------ Task material

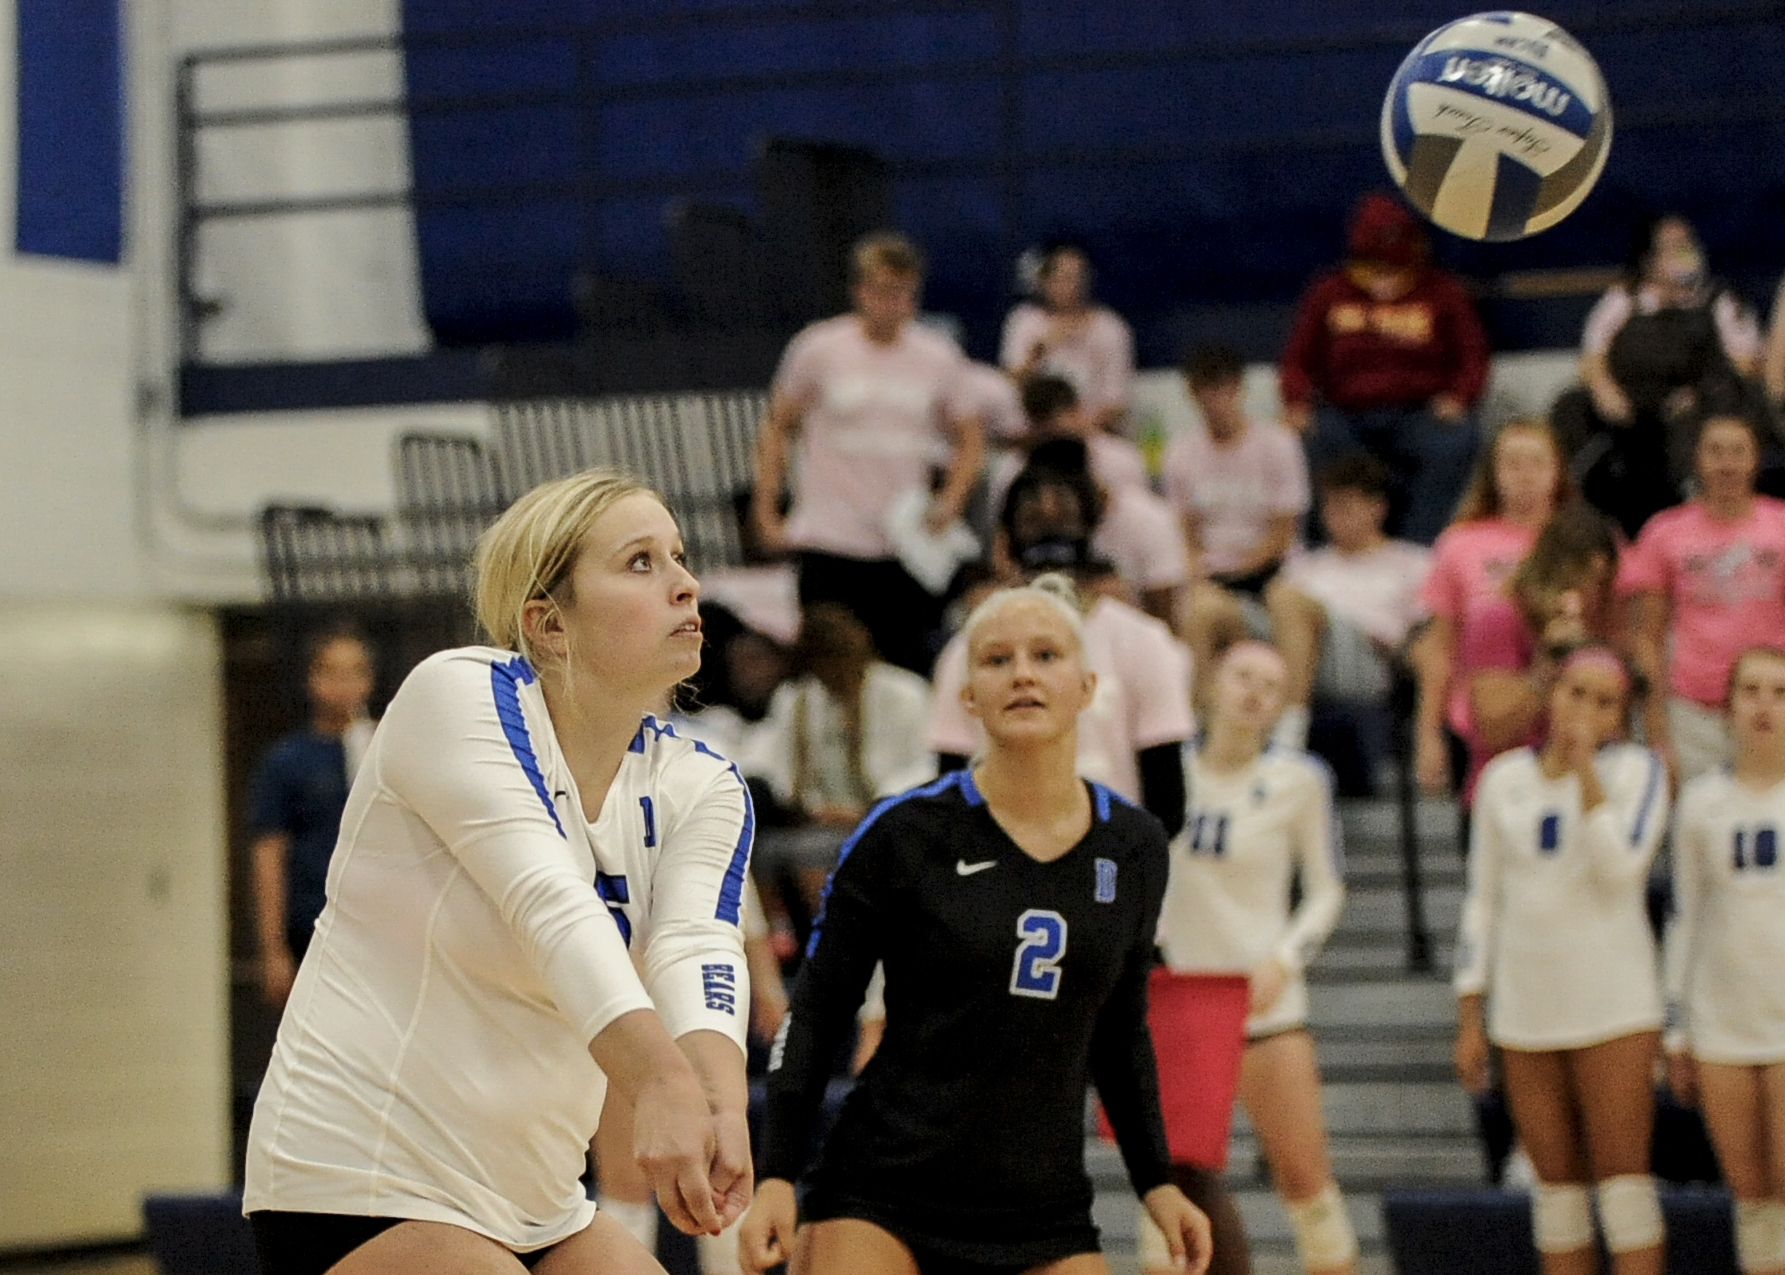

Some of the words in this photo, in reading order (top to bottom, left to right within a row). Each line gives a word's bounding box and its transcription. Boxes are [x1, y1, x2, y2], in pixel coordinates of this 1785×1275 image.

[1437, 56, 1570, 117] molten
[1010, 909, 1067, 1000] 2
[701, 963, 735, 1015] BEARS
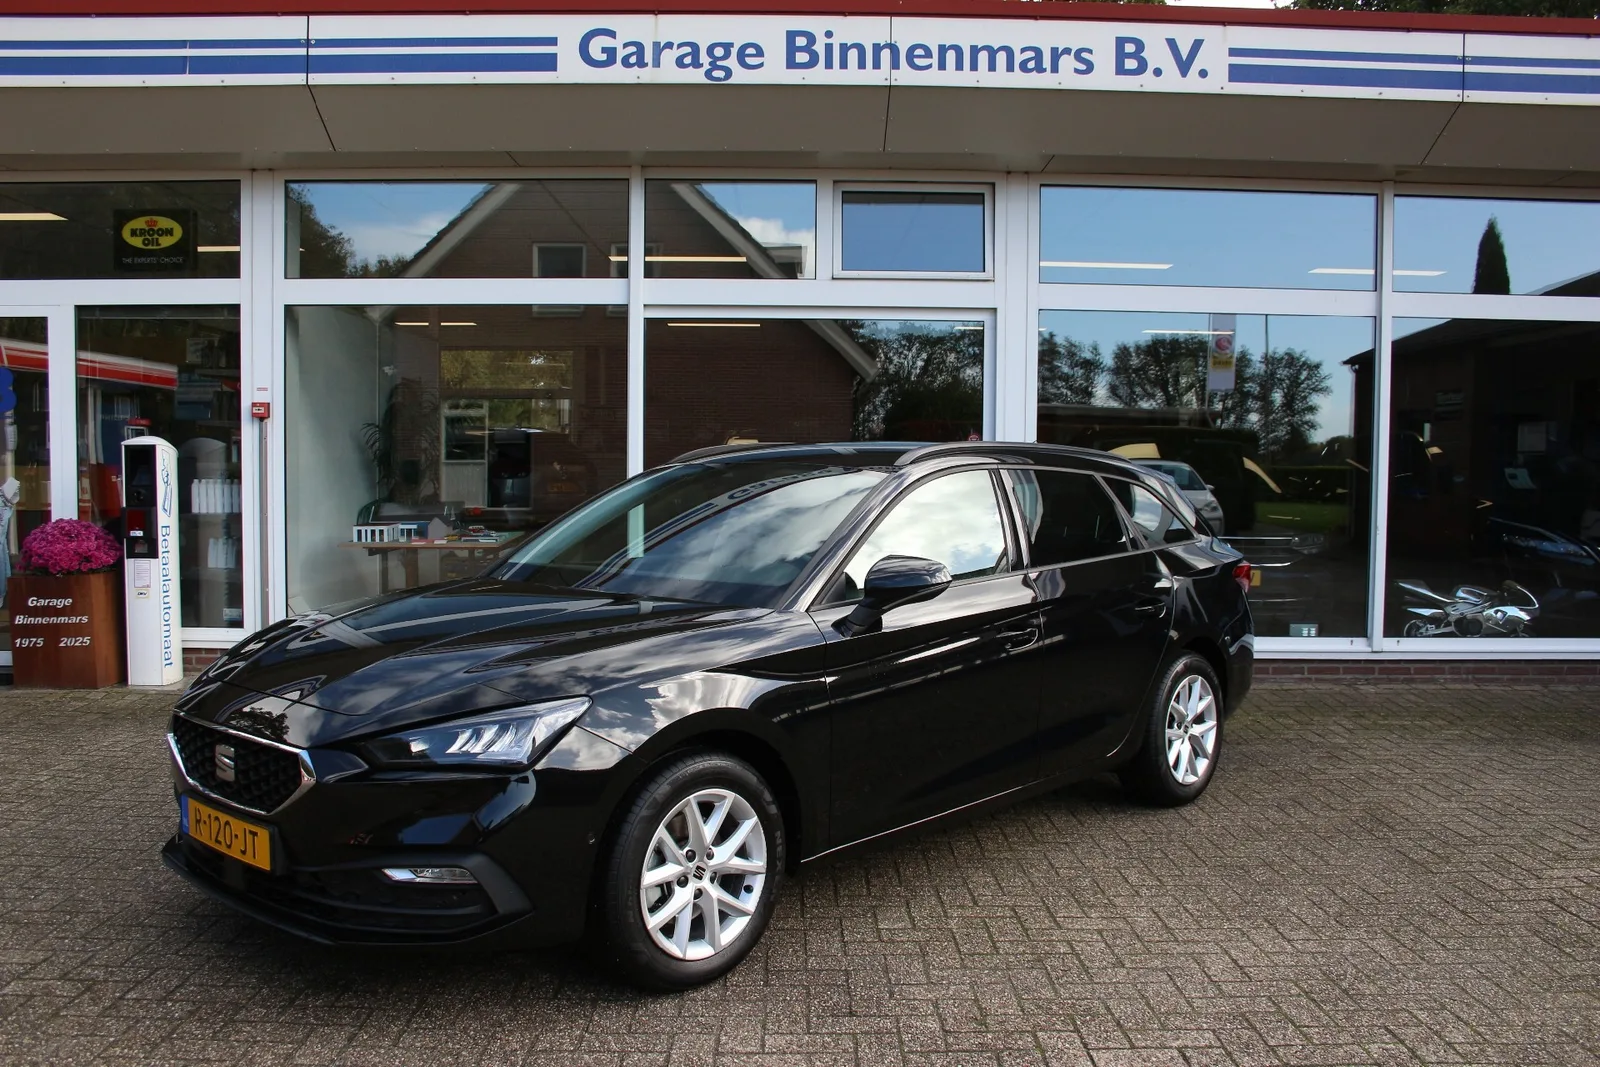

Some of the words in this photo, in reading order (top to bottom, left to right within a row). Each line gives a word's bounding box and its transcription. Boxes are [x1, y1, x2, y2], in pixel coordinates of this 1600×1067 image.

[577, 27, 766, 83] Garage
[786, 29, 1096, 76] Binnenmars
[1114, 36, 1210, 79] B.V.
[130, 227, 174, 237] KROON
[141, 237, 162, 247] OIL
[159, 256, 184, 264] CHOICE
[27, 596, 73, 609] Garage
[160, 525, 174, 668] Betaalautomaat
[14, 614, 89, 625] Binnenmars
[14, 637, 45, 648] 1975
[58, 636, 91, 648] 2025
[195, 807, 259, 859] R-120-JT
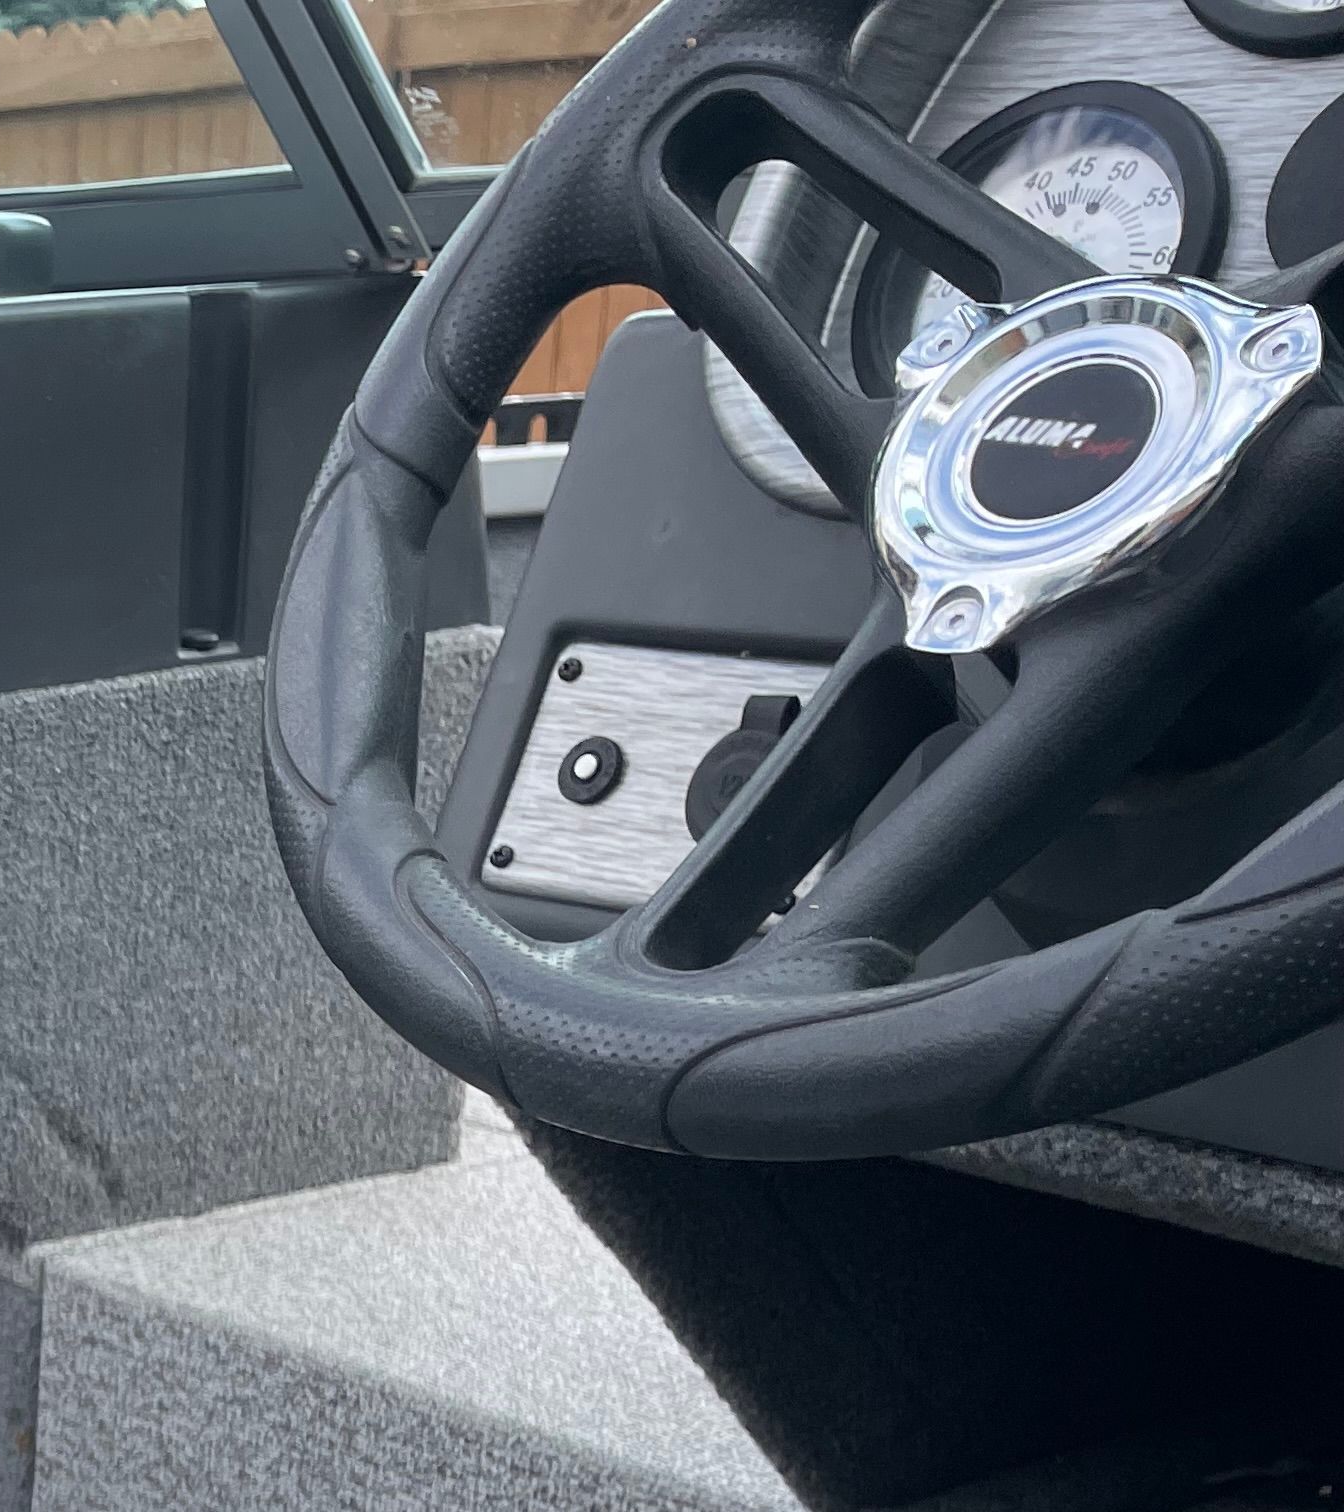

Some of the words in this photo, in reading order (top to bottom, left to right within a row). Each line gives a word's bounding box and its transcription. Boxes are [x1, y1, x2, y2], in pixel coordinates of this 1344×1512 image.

------------

> Required work
Set the data above down again exactly as given, with no pictures.

> Answer space
Some of the words in this photo, in reading order (top to bottom, left to right within a row). Each line gives a word's bounding box and its transcription. Boxes are [x1, y1, x2, y2], in pixel coordinates of this 1785×1275 image.

[1437, 56, 1570, 117] molten
[1010, 909, 1067, 1000] 2
[701, 963, 735, 1015] BEARS

Some of the words in this photo, in reading order (top to bottom, left to right within a row). Each line gives a word's bounding box and its transcription. Boxes are [x1, y1, x2, y2], in pixel coordinates of this 1600×1067 image.

[577, 27, 766, 83] Garage
[786, 29, 1096, 76] Binnenmars
[1114, 36, 1210, 79] B.V.
[130, 227, 174, 237] KROON
[141, 237, 162, 247] OIL
[159, 256, 184, 264] CHOICE
[27, 596, 73, 609] Garage
[160, 525, 174, 668] Betaalautomaat
[14, 614, 89, 625] Binnenmars
[14, 637, 45, 648] 1975
[58, 636, 91, 648] 2025
[195, 807, 259, 859] R-120-JT

Some of the words in this photo, in reading order (top to bottom, left to right within a row). Each line gives a word's bounding box and its transcription. Boxes are [x1, y1, x2, y2], in pixel coordinates of this 1344×1512 image.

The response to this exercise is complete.